In general, under Section 382 of the Internal Revenue Code of 1986, as amended, or the Internal Revenue Code, a corporation that undergoes an “ownership change” is subject to limitations on its ability to utilize its pre-change net operating losses, or NOLs, to offset future taxable income. Our existing NOLs will be subject to limitations arising from previous ownership changes, and if we undergo an ownership change in the future, our ability to utilize NOLs could be further limited by Section 382 of the Internal Revenue Code. Furthermore, our ability to utilize NOLs of any companies that we may acquire in the future may be subject to limitations. As a result, if we earn net taxable income, our ability to use our pre-change net operating loss carryforwards to offset U.S. federal taxable income will be subject to limitations, which could potentially result in increased future tax liability to us.

Our ability to successfully operate is dependent on the availability of energy and water at anticipated prices.

Our plants require a significant and uninterrupted supply of natural gas, electricity and water to operate. We rely on third parties to provide these resources. We cannot assure you that we will be able to secure an adequate supply of energy or water to support current and expected plant operations. If there is an interruption in the supply of energy or water for any reason, such as supply, delivery or mechanical problems, we may be required to halt production. If production is halted for an extended period of time, it may have a material adverse effect on our operations, cash flows and financial position.

Replacement technologies are under development that might result in the obsolescence of corn-derived ethanol or our process systems.

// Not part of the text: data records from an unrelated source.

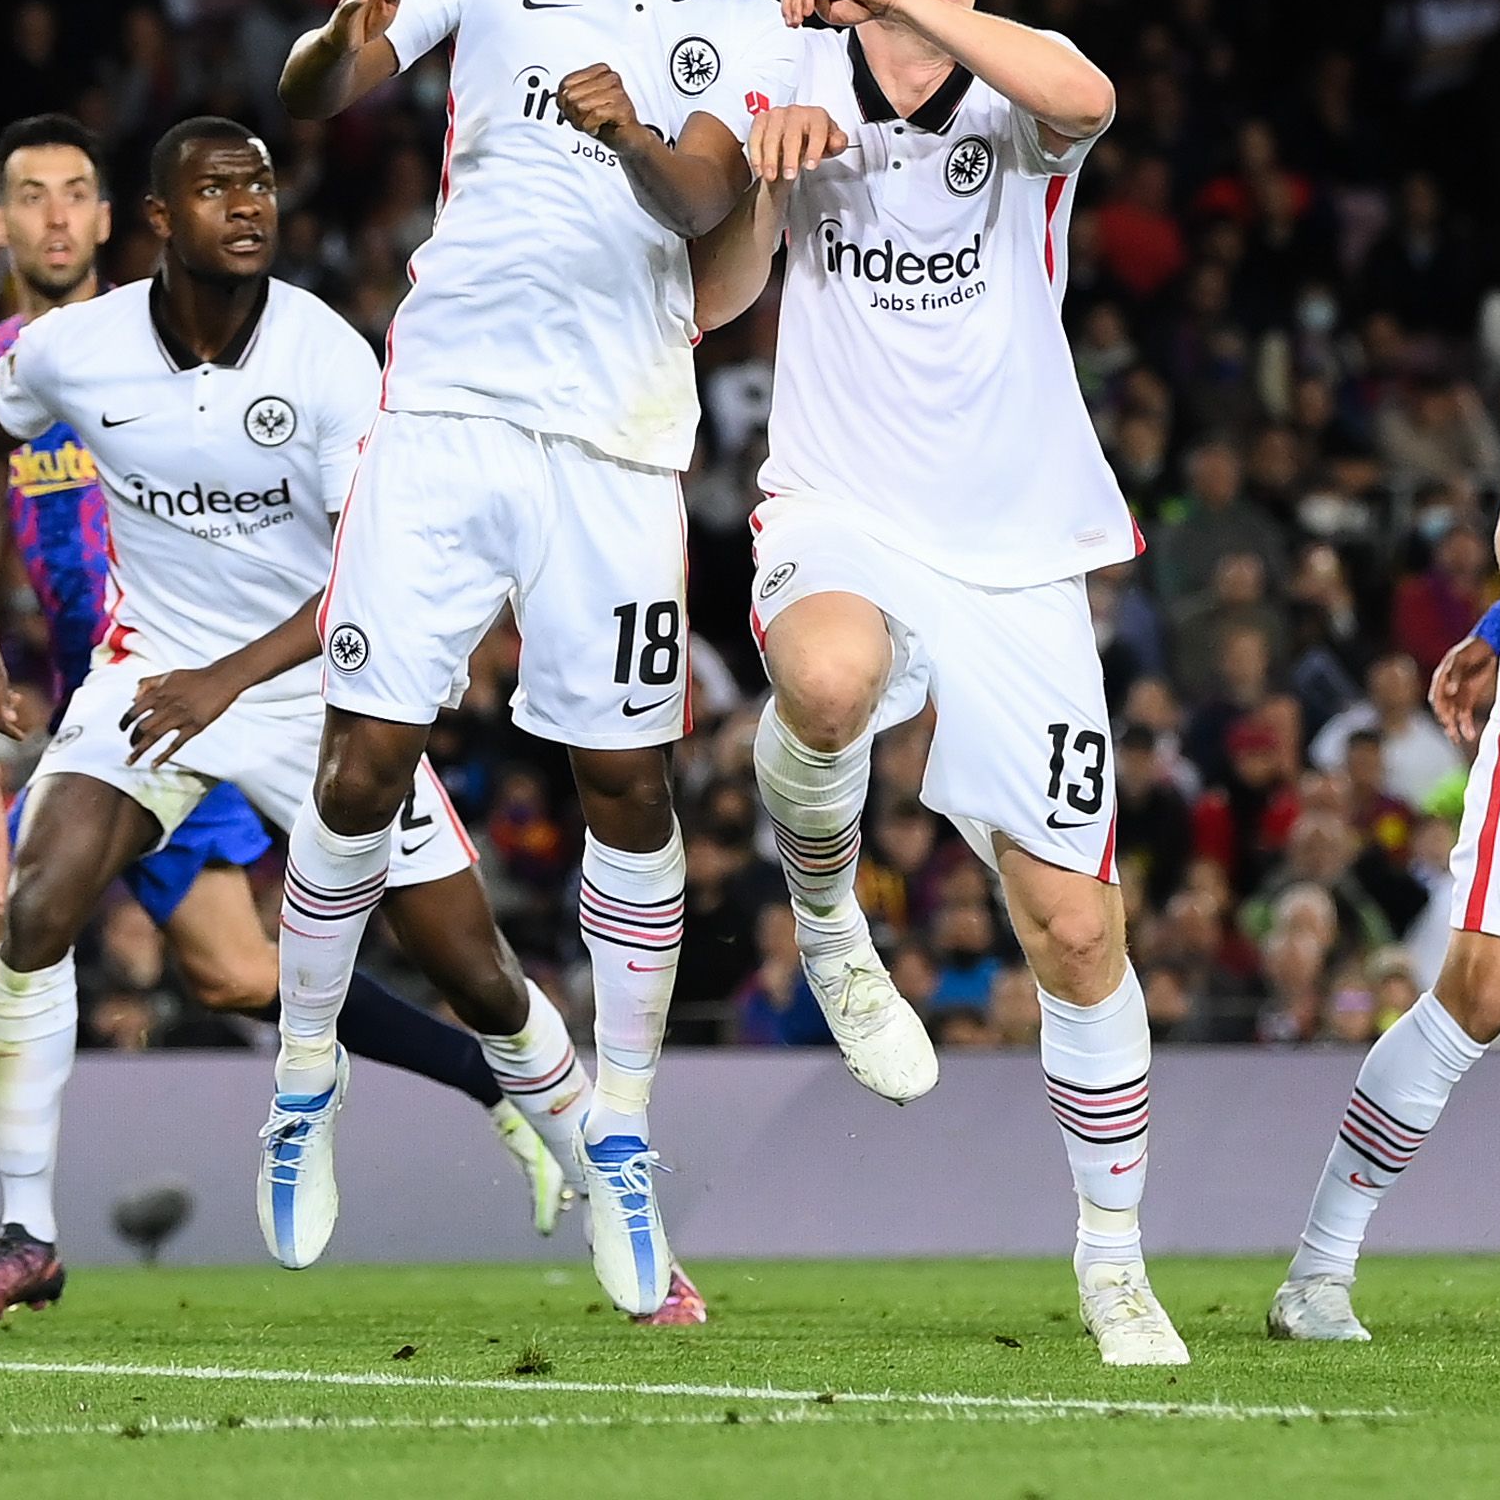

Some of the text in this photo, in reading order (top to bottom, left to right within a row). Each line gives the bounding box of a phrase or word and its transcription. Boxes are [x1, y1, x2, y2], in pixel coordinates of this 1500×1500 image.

[571, 140, 618, 167] Jobs
[825, 228, 981, 286] indeed
[870, 280, 987, 311] Jobs finden
[130, 477, 291, 517] indeed
[236, 510, 295, 536] finden
[613, 600, 679, 685] 18
[1047, 723, 1106, 816] 13

Ethanol is primarily an additive and oxygenate for blended gasoline. Although use of oxygenates is currently mandated, there is always the possibility that a preferred alternative product will emerge and eclipse the current market. Critics of ethanol blends argue that ethanol decreases fuel economy, causes corrosion of ferrous components and damages fuel pumps. Any alternative oxygenate product would likely be a form of alcohol (like ethanol) or ether (like MTBE). Prior to federal restrictions and ethanol mandates, MTBE was the dominant oxygenate. It is possible that other ether products could enter the market and prove to be environmentally or economically superior to ethanol. It is also possible that alternative biofuel alcohols such as methanol and butanol could evolve into ethanol replacement products.

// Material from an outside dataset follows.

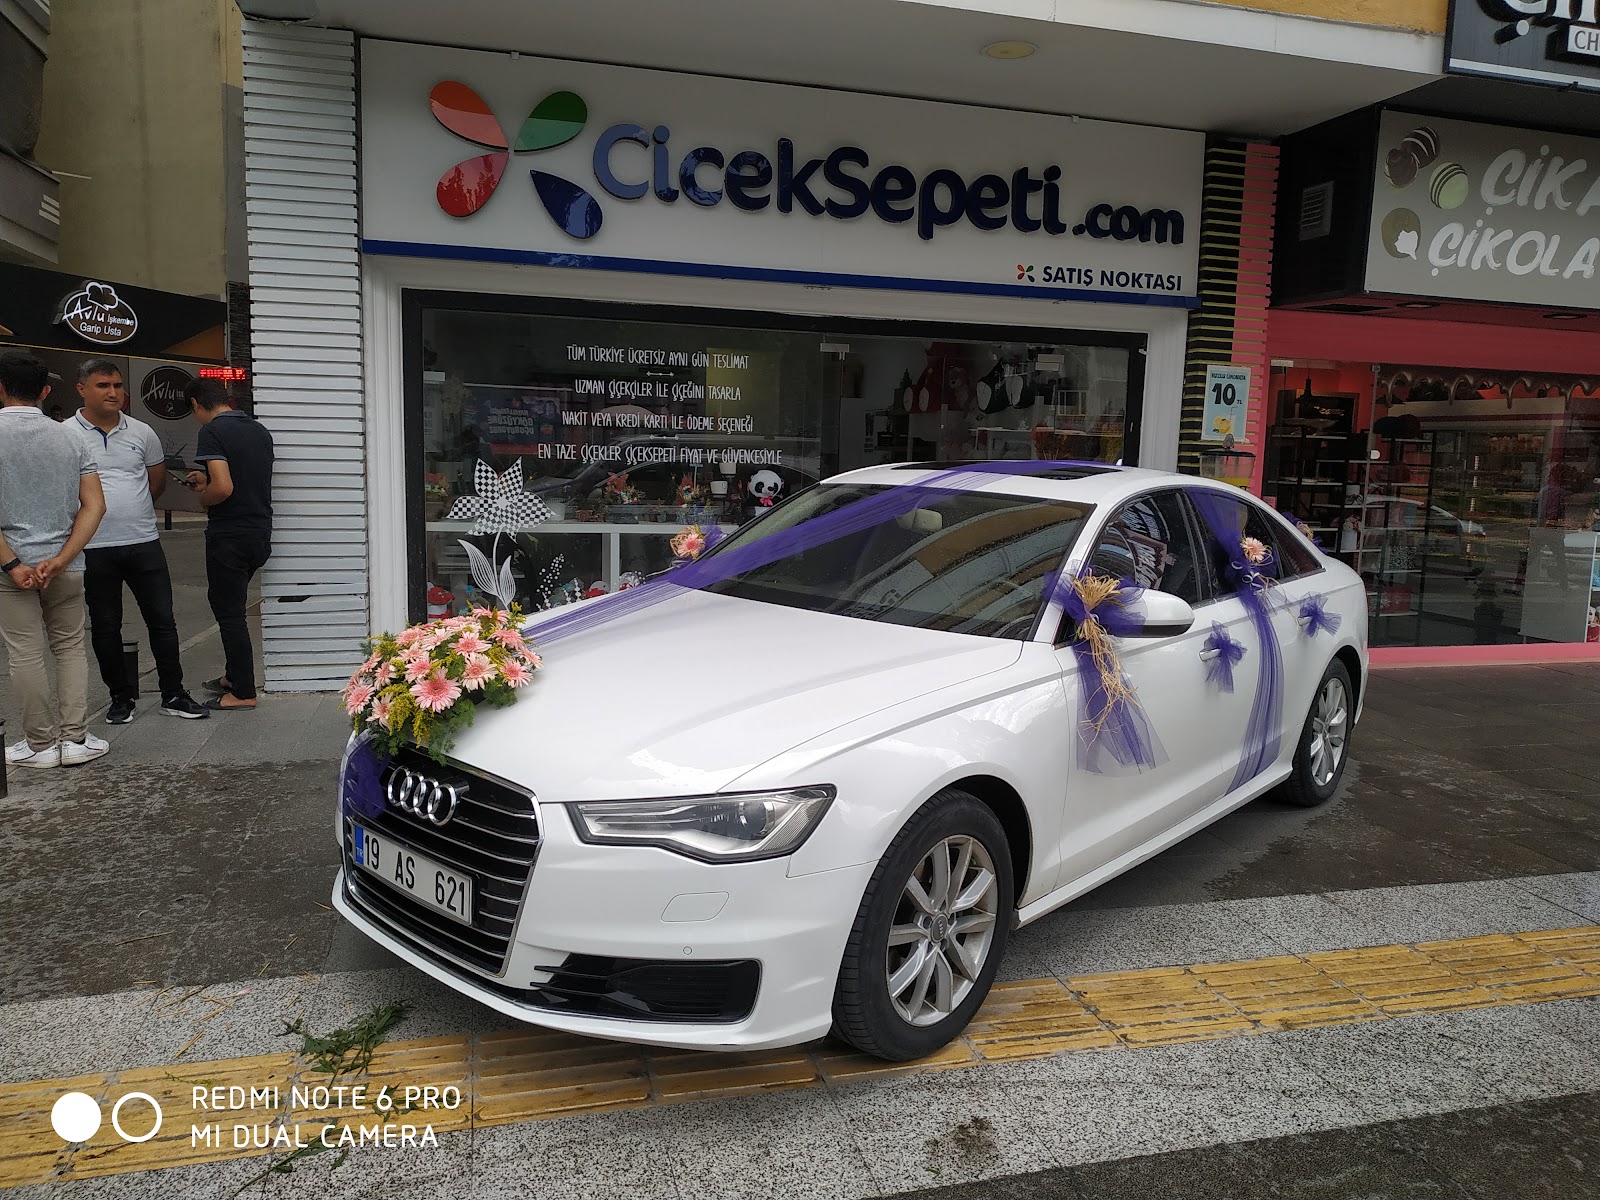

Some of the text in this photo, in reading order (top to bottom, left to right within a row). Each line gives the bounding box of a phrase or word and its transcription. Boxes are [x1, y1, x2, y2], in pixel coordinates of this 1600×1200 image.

Research is currently underway to develop other products that could directly compete with ethanol and may have more potential advantages than ethanol. Advantages of such competitive products may include, but are not limited to: lower vapor pressure, making it easier to add gasoline; energy content closer to or exceeding that of gasoline, such that any decrease in fuel economy caused by the blending with gasoline is reduced; an ability to blend at a higher concentration level for use in standard vehicles; reduced susceptibility to separation when water is present; and suitability for transportation in gas pipelines. Such products could have a competitive advantage over ethanol, making it more difficult to market our ethanol, which could reduce our ability to generate revenue and profits.

New ethanol process technologies may emerge that require less energy per gallon produced. The development of such process technologies would result in lower production costs. Our process technologies may become outdated and obsolete, placing us at a competitive disadvantage against competitors in the industry. The development of replacement technologies may have a material adverse effect on our operations, cash flows and financial position.

Our revenue from the sale of distillers grains depends upon its continued market acceptance as an animal feed.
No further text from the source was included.